The Japanese garrison at Buna consisted of elite troops — Imperial Marines who defended the village and Catholic mission. The enemy’s backs were to the sea, but they were behind a concealed machine gun-defended bunker network constructed of palm logs. The machine gun nests were six to eight feet deep and impregnable to the U.S. division’s small arms fire.
After American forces discovered the bodies of natives hanging from trees who had been drawn and quartered by Japanese soldiers, James said “We took no prisoners.
“When we arrived at Buna we had to cross a large field with high grass. The field was surrounded by trees and the Japs had snipers in the trees,” James recalled. “I stopped in the field to talk with another platoon sergeant. I turned my head and when I turned back to look at him he was on the ground. He had been shot through the head by a sniper.
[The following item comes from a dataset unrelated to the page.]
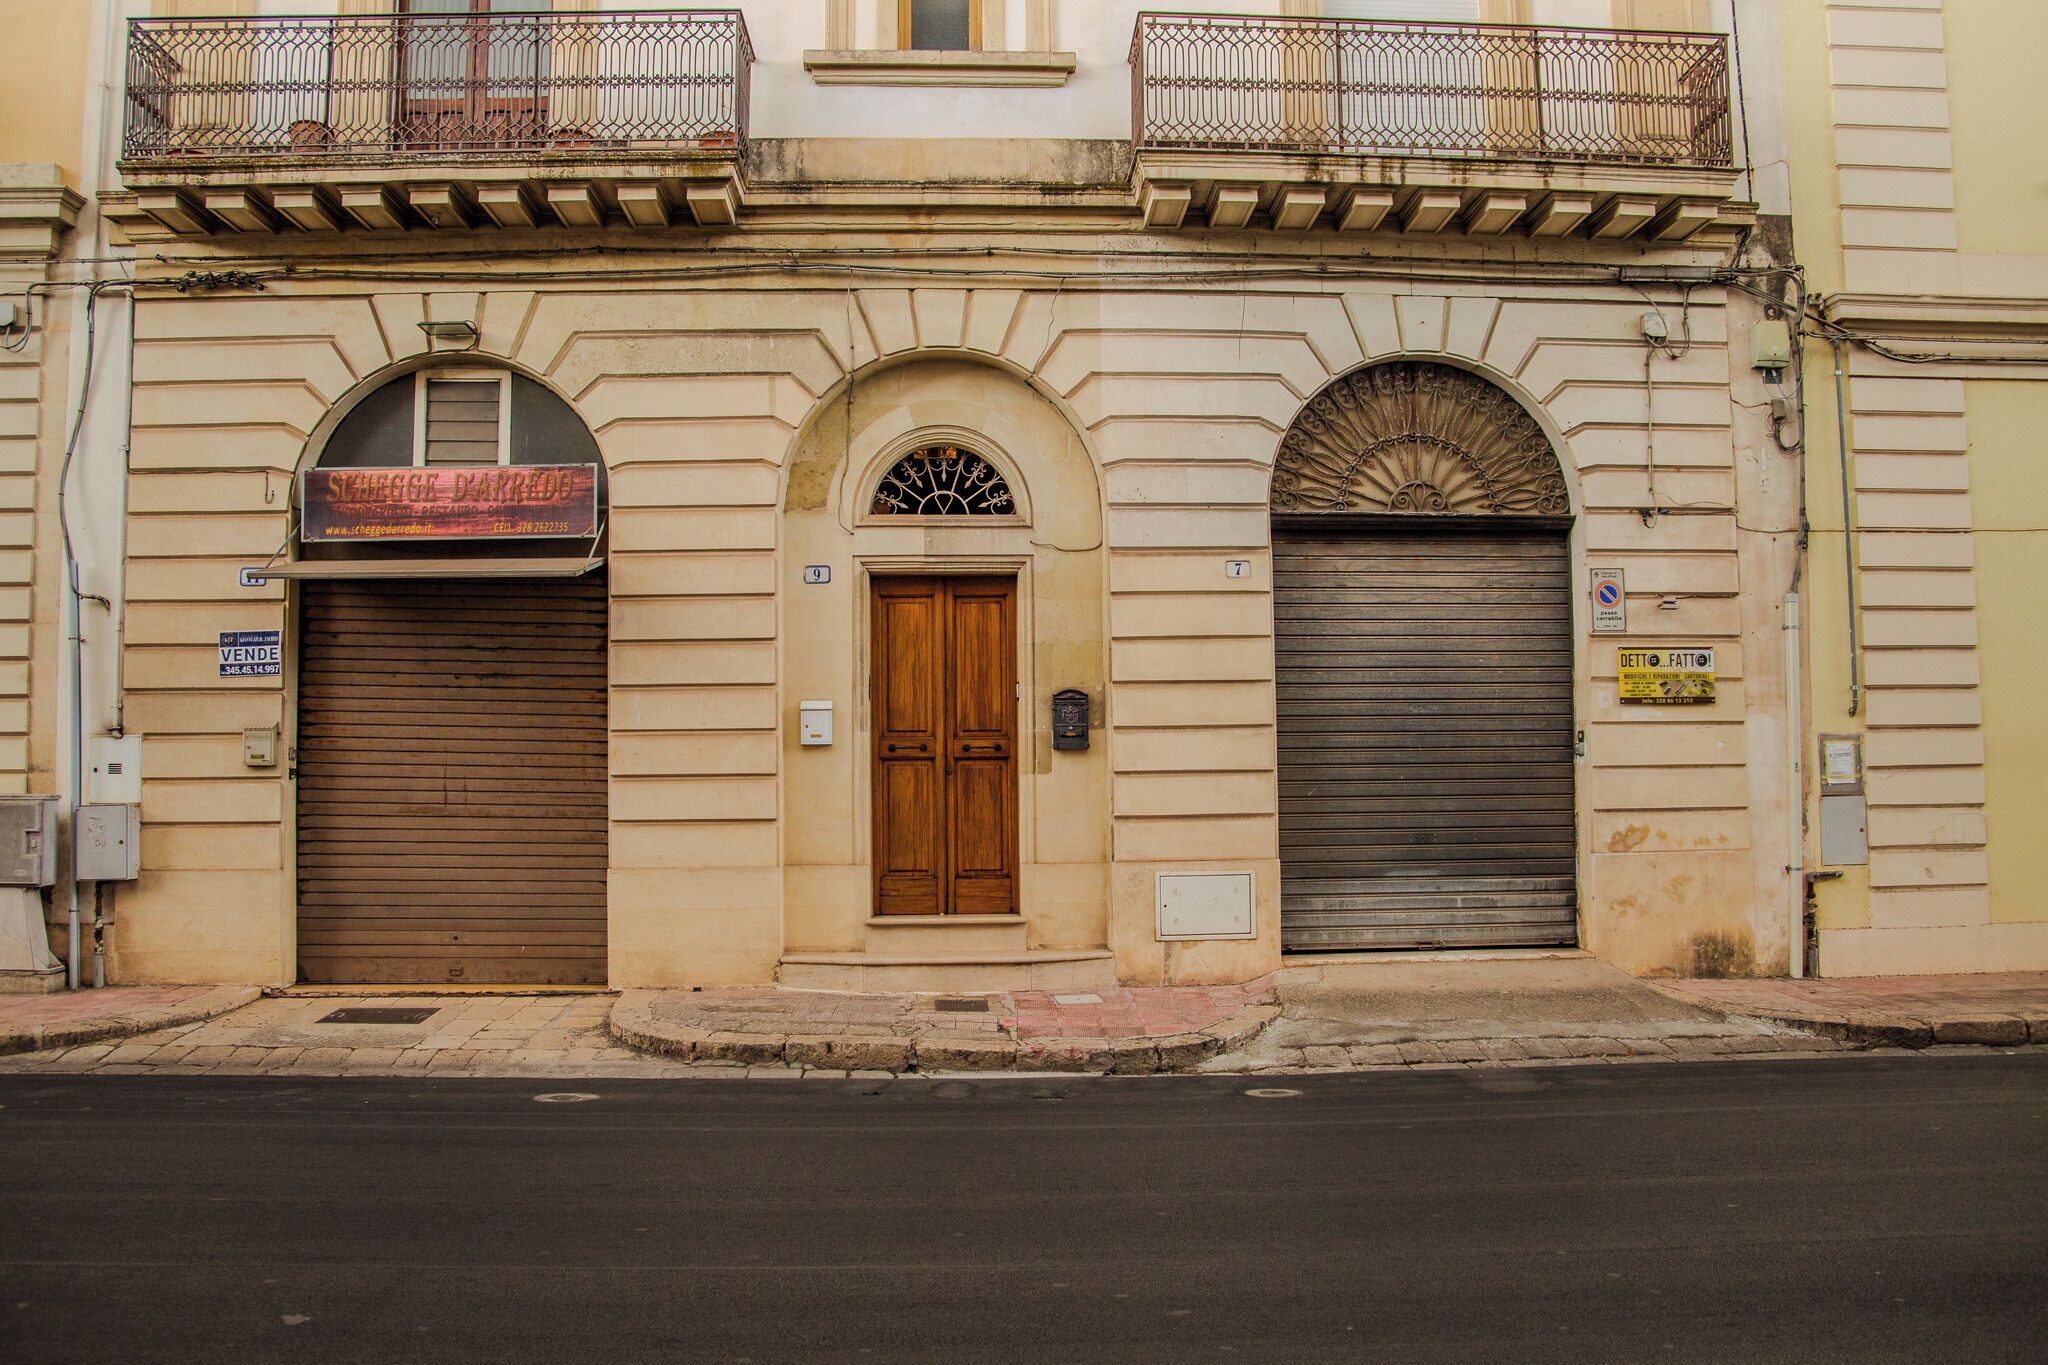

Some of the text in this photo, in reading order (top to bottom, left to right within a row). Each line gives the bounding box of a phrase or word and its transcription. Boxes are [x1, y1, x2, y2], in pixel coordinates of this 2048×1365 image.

“It was Dec. 7, 1942, a year to the day from the time the Japanese attacked Pearl Harbor, I was wounded. I had just gotten word that morning my brother, Willard, had been killed by a Jap machine gunner,” he said. “I decided to go down to the 4th Platoon that he commanded and check it out. Our platoons were probably 200 to 300 feet apart.
“On the way back I was hit in the knee by an exploding sniper’s bullet. It severed the main artery in my knee. There were no medics around. If it hadn’t been for Sgt. Carl Stenbirg who applied a tourniquet to my leg I would have bled to death.”
James was treated by medics at a front line aid station and then carried through the jungle by eight native stretcher bearers to an air strip several miles a way. The injured sergeant was flown in a C-47 transport plane to the general hospital at Port Moresby where his useless left leg was removed at the knee. From there he was transported to Brisbane, Australia before being returned to the States for two additional operations on his leg and more recuperation.
Several weeks after James was evacuated from the front lines the balance of power tilted toward the Red Arrow Division when it received flamethrowers. The 32nd Division burned the enemy out of their palm log bunkers.
“None of the Japanese marines surrendered. From what I’ve been told, 300 to 500 of them swam out into the Pacific and drowned. There were no ships waiting for them offshore,” he said.
On Oct. 1, 1943 he was discharged from the U.S. Army. The Muskegon Chronicle newspaper ran a story dated Oct. 2, 1944 which notes: “For his gallantry in New Guinea, action that cost him his left leg, Sgt. James Broner …was awarded the Silver Star.” He also received the Purple Heart and the Asiatic-Pacific Campaign Ribbon.
For the next 30 years James worked as an inspector and supervisor in a plant that manufactured tank engines in Muskegon for the Defense Department. He and his wife, Helen, retired to their Englewood home along with five of their 10 children, five of whom were still in school.
Mary Broner was in the first graduating class at Lemon Bay High School in Englewood in 1981 and Terri Broner was “Miss Englewood” in the mid-1980s. In 2005 Jim and Helen will celebrate their 60th wedding anniversary.
Holding his satin lined blue box containing his Purple Heart and Silver Star, James admitted the medal he is most proud of has nothing to do with war. It was also in the blue box with his military medals.
The round silver medal with a golfer on the front is attached to a red, white and blue ribbon. James received it for making a hole in one 65 years ago when he was in high school. His second one was on the 17th hole at Cape Haze Links on July 12, 1993 and the last one was at Rotonda Palms on the 14th home on May 1, 1998. He still golfs three times a week at 81 and enjoys every minute of his time on the links.